Bolstering Hepburn and Tracy were several actors who would go on to be big names. Lucille Ball took on the role Kitty Trimble, a lady who was effectively the heroine's best friend and one half of the second banana couple. Though today's audience would recognize this character's ballsy, funny attitude as prime fodder for the actress, it was new ground for Ball at the time. The Nation's review of the movie shared, "It is good to see Lucille Ball doing so well with a kind of role new to her." As for Ball's love interest, it was none other than Keenan Wynn.

On paper it looks like the film has everything you could ask for- a good playwright and script doctor; a leading couple to die for; and a cast of dynamos even for the support roles. Still, Without Love earned only a lukewarm reception from critics and deservedly so. The New York Times perhaps said it best, when it urged the public, "[that] you should all go to the theatre, for, despite its gab and weaknesses in spots, 'Without Love' is really most amusing." Being "amusing" is hardly the worst a film could be, but it is faint praise. In its own review, the Harrison Report seemed to point out that the film's strongest quality is its weakest too, stating "[The film has] more talk than action, but the sparkling dialogue is a compensating factor."

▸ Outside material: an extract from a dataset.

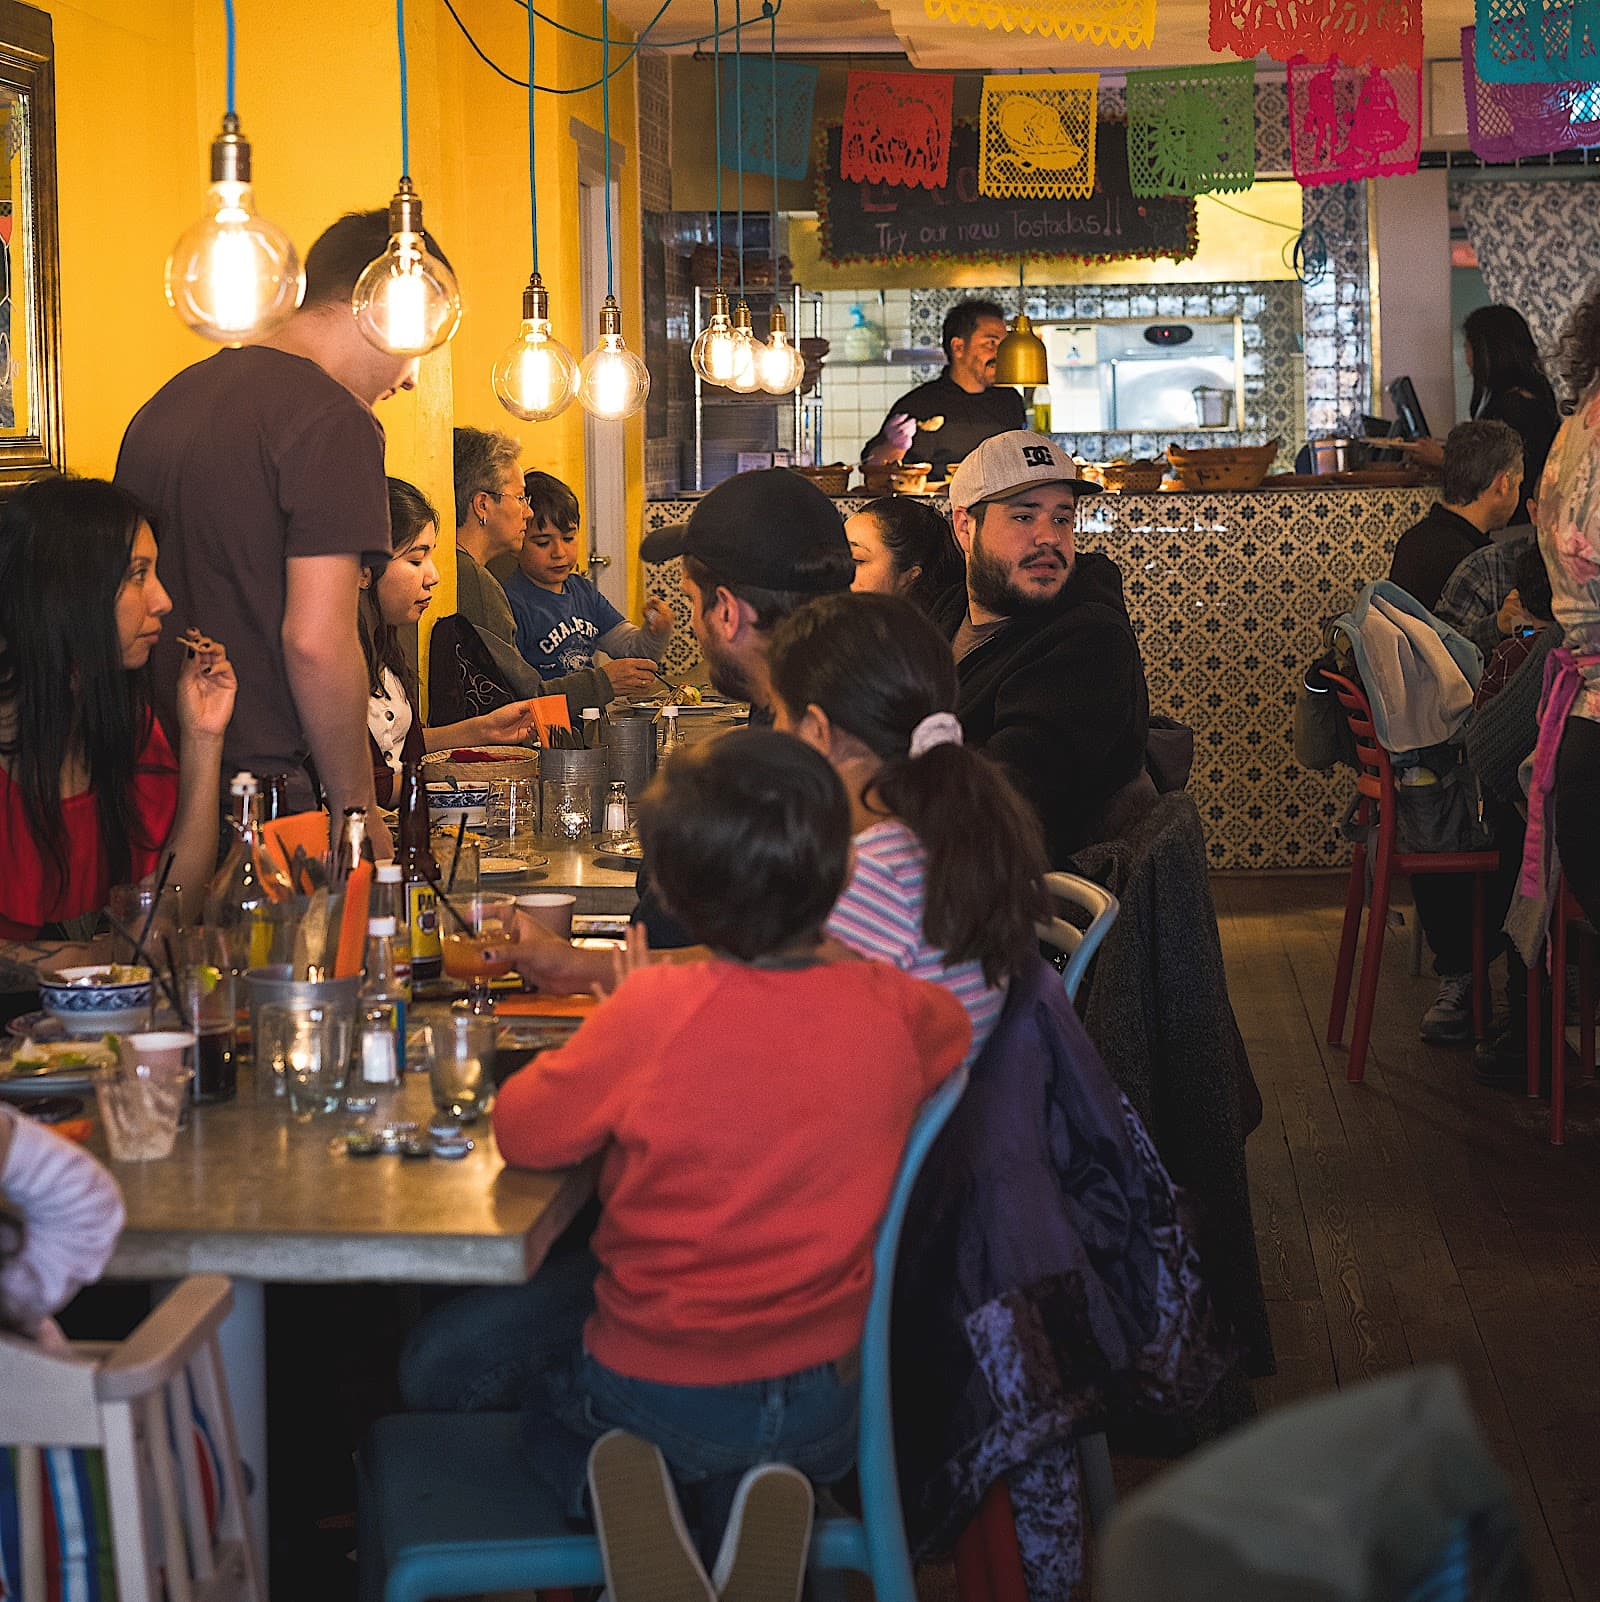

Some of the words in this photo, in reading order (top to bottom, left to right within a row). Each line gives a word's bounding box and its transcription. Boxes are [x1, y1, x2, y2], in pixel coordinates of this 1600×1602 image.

[875, 222, 907, 251] Try
[919, 226, 948, 243] our
[957, 222, 1001, 242] new

Overall, in addition to a contrived plot, the tension never mounts to the tension present in Woman of the Year or Adams Rib. Yet, even while that lack of tension makes the film feel a bit unfocussed, for me, it  also feels a bit more relaxing to watch too. Both main actors are allowed some fun comedic moments without veering into the truly madcap. It is the quite moments that seem to sell the story though. Tracy's best performance soften project a calm and understated presence, as is the case here, and Hepburn's character, a widow, is allowed to be vulnerable as well as intelligent. The supporting cast is fun and funny too. Overall, it may not be the most stand-out of their work together, but this Hepburn/Tracy film is solidly enjoyable, one you can't watch Without Love.